**What the exercise asks**
Please reproduce all the records exactly while leaving out their pictures.

Content starts

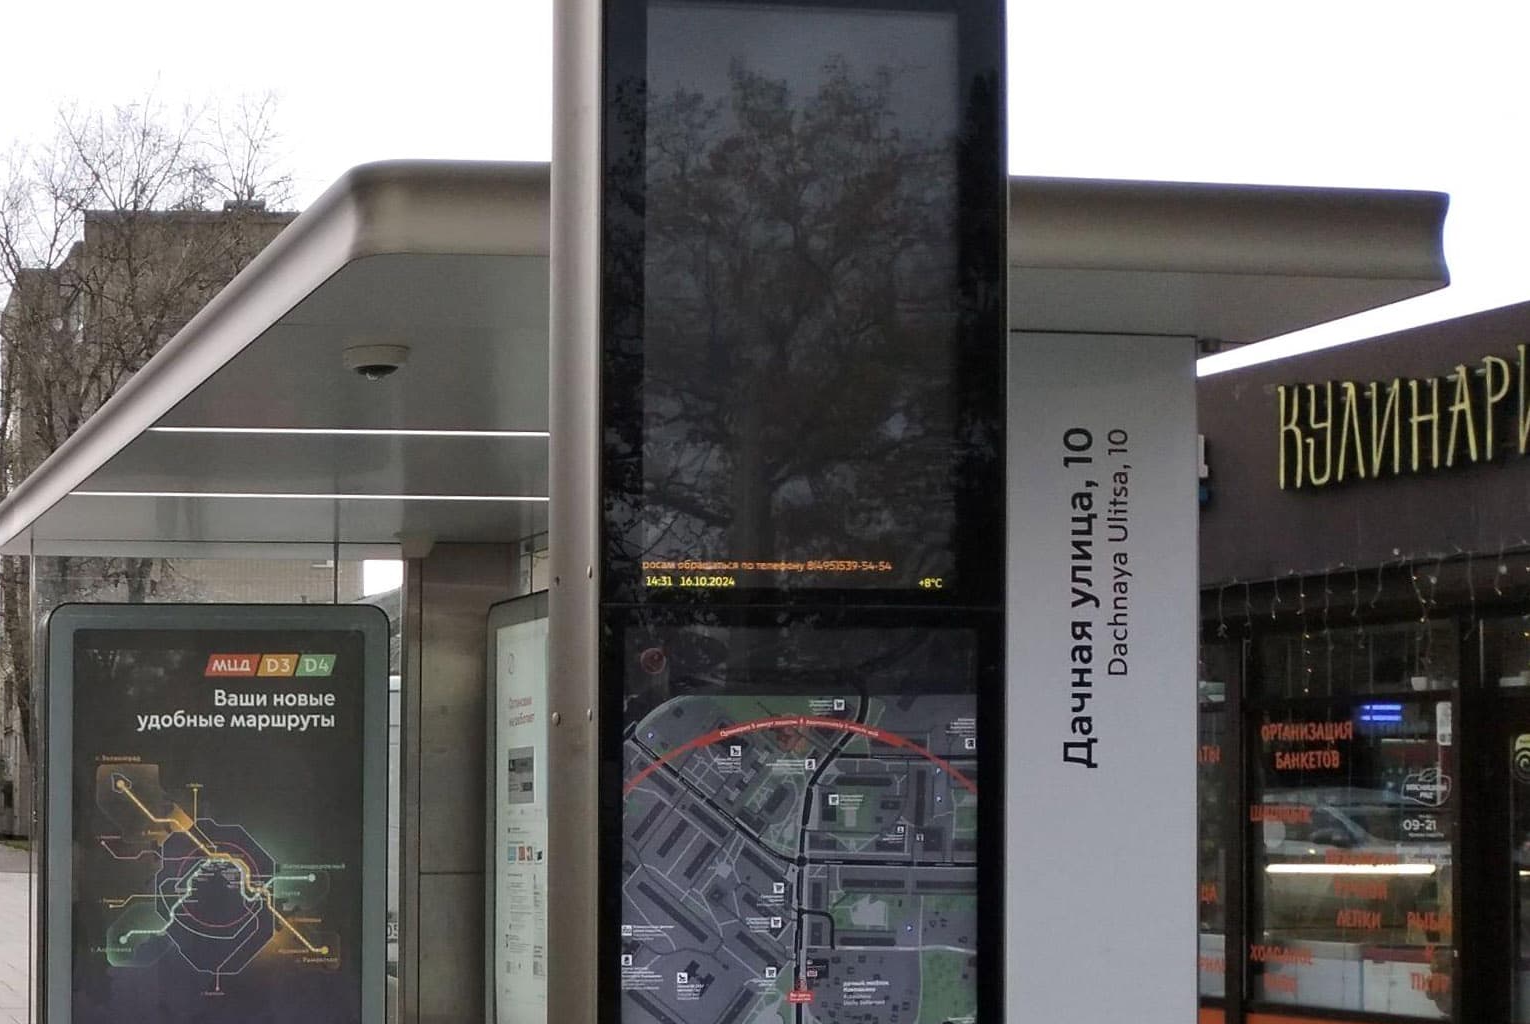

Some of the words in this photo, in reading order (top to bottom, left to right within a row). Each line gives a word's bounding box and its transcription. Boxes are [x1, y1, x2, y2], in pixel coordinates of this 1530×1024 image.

[1063, 427, 1093, 468] 10
[1108, 428, 1129, 456] 10
[1107, 463, 1131, 543] Ulitsa,
[1070, 480, 1100, 609] улица,
[646, 576, 673, 587] 14:31
[680, 576, 736, 587] 16.10.2024
[1107, 551, 1132, 677] Dachnaya
[212, 659, 252, 672] МЦД
[214, 689, 268, 707] Ваши
[273, 693, 336, 707] новые
[1063, 620, 1098, 769] Дачная
[137, 710, 225, 732] удобные
[230, 713, 335, 732] маршруты
[1261, 721, 1354, 742] ОРГАНИЗАЦИЯ
[1275, 750, 1340, 770] БАНКЕТОВ
[1403, 819, 1438, 832] 09-21
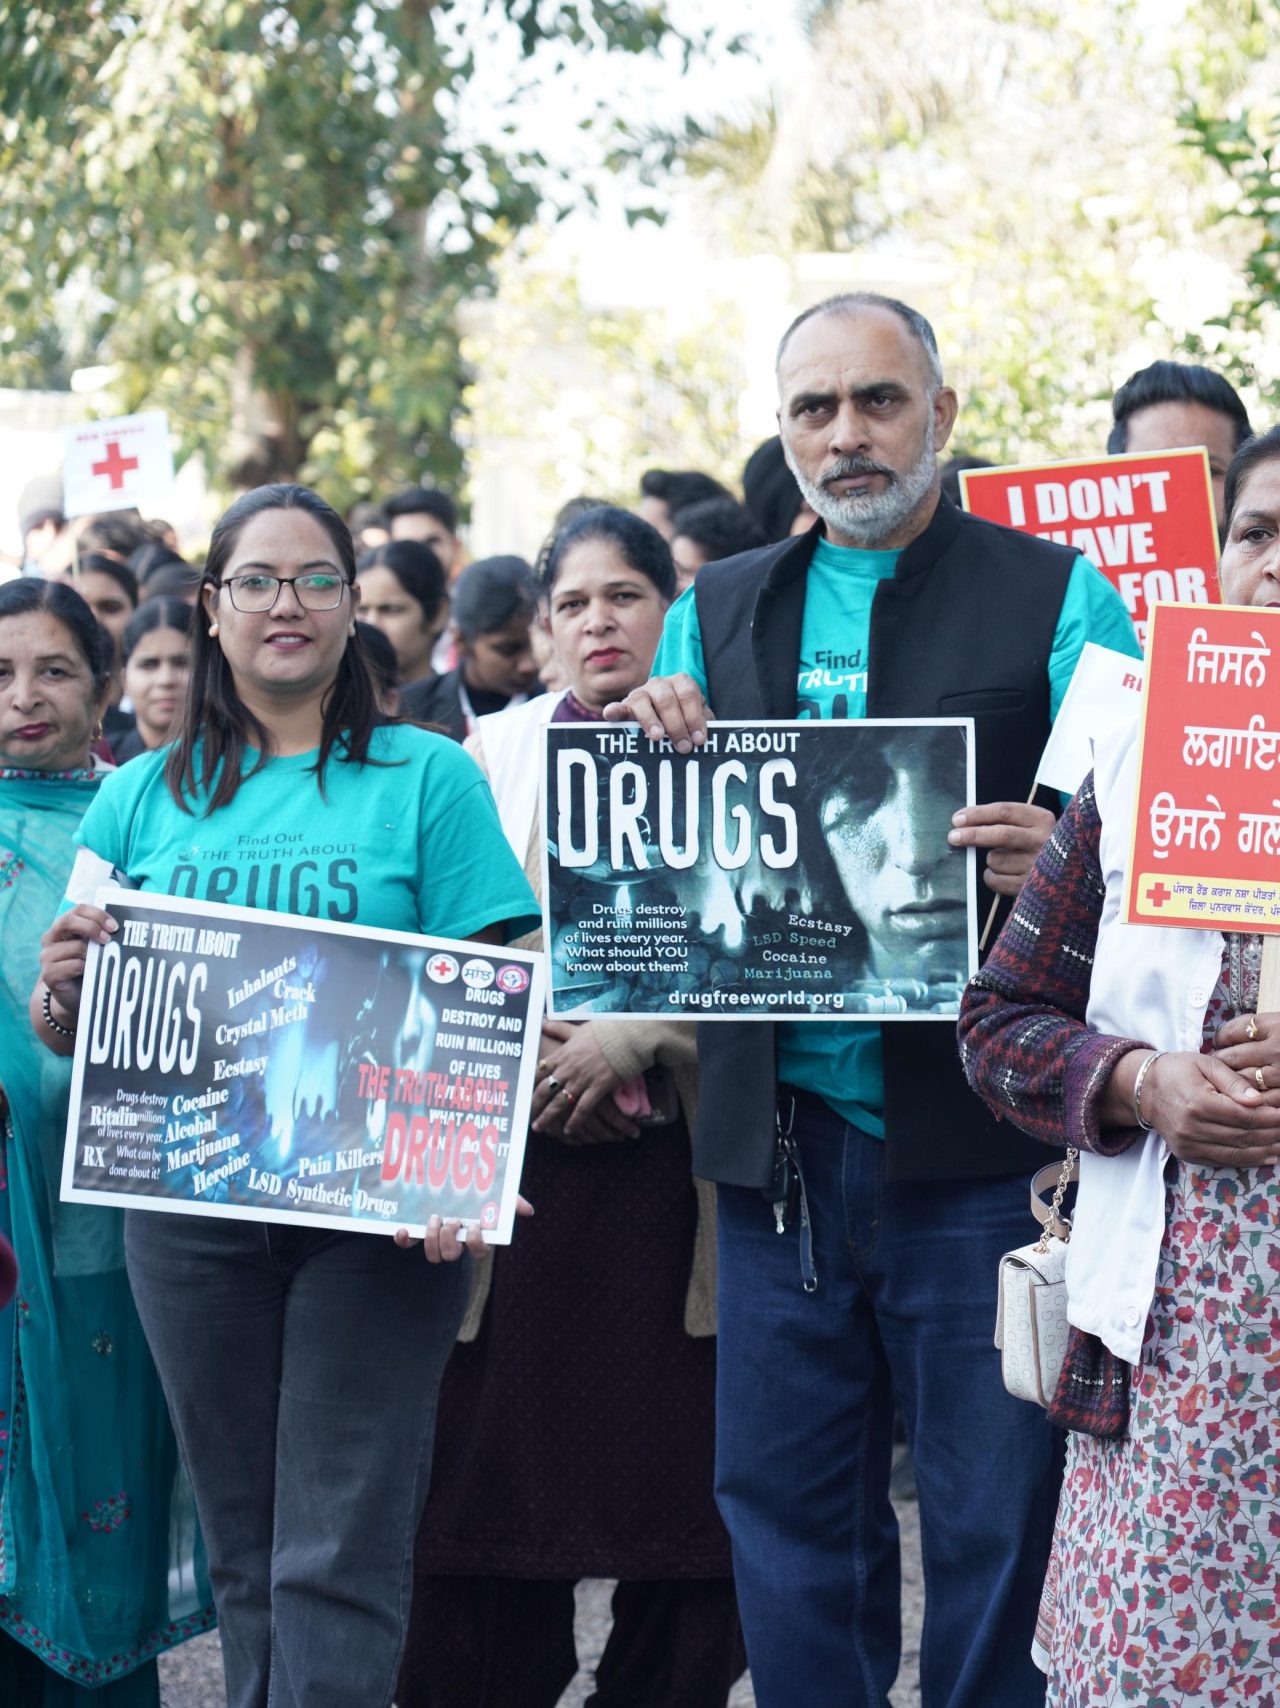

Content ends

**Written solution**
Some of the words in this photo, in reading order (top to bottom, left to right within a row). Each line gives a word's bounding box and its transcription. Boxes are [x1, y1, x2, y2], in pixel coordinates of this 1530×1024 image.

[1063, 427, 1093, 468] 10
[1108, 428, 1129, 456] 10
[1107, 463, 1131, 543] Ulitsa,
[1070, 480, 1100, 609] улица,
[646, 576, 673, 587] 14:31
[680, 576, 736, 587] 16.10.2024
[1107, 551, 1132, 677] Dachnaya
[212, 659, 252, 672] МЦД
[214, 689, 268, 707] Ваши
[273, 693, 336, 707] новые
[1063, 620, 1098, 769] Дачная
[137, 710, 225, 732] удобные
[230, 713, 335, 732] маршруты
[1261, 721, 1354, 742] ОРГАНИЗАЦИЯ
[1275, 750, 1340, 770] БАНКЕТОВ
[1403, 819, 1438, 832] 09-21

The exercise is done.